(Dataset entries)
*****
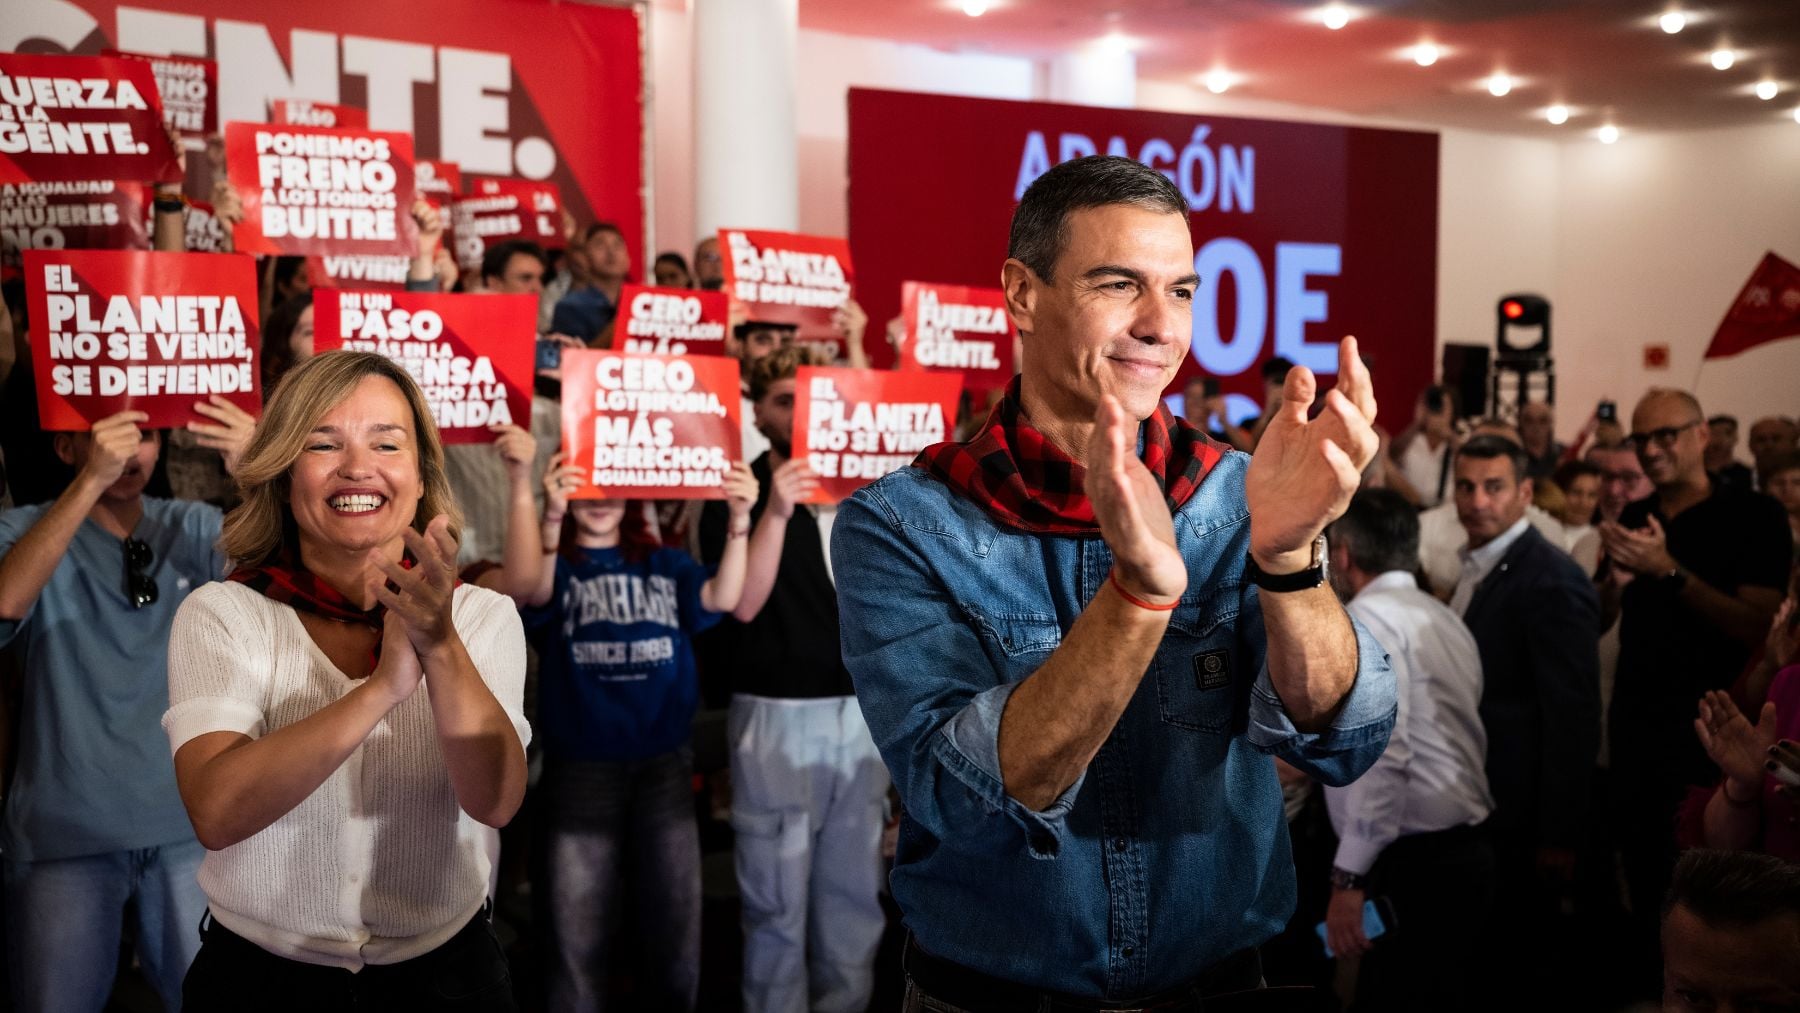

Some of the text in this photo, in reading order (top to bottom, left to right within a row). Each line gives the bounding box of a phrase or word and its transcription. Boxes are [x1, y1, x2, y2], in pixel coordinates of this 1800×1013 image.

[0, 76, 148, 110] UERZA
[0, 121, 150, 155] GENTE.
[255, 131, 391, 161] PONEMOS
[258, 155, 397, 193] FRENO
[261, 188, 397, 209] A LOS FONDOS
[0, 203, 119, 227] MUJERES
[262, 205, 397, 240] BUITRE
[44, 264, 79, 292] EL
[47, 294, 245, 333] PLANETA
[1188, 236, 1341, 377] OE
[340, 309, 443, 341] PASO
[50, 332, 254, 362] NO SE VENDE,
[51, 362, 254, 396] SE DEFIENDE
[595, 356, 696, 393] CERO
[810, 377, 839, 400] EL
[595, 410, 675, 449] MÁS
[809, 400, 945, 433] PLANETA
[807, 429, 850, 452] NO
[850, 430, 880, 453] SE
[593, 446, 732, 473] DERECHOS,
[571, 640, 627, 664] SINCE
*****
#### Work task
Transcribe the data exactly, minus any images.

#### Task output
Some of the text in this photo, in reading order (top to bottom, left to right within a row). Each line gives the bounding box of a phrase or word and its transcription. Boxes are [x1, y1, x2, y2], in pixel coordinates of this 1800×1013 image.

[0, 76, 148, 110] UERZA
[0, 121, 150, 155] GENTE.
[255, 131, 391, 161] PONEMOS
[258, 155, 397, 193] FRENO
[261, 188, 397, 209] A LOS FONDOS
[0, 203, 119, 227] MUJERES
[262, 205, 397, 240] BUITRE
[44, 264, 79, 292] EL
[47, 294, 245, 333] PLANETA
[1188, 236, 1341, 377] OE
[340, 309, 443, 341] PASO
[50, 332, 254, 362] NO SE VENDE,
[51, 362, 254, 396] SE DEFIENDE
[595, 356, 696, 393] CERO
[810, 377, 839, 400] EL
[595, 410, 675, 449] MÁS
[809, 400, 945, 433] PLANETA
[807, 429, 850, 452] NO
[850, 430, 880, 453] SE
[593, 446, 732, 473] DERECHOS,
[571, 640, 627, 664] SINCE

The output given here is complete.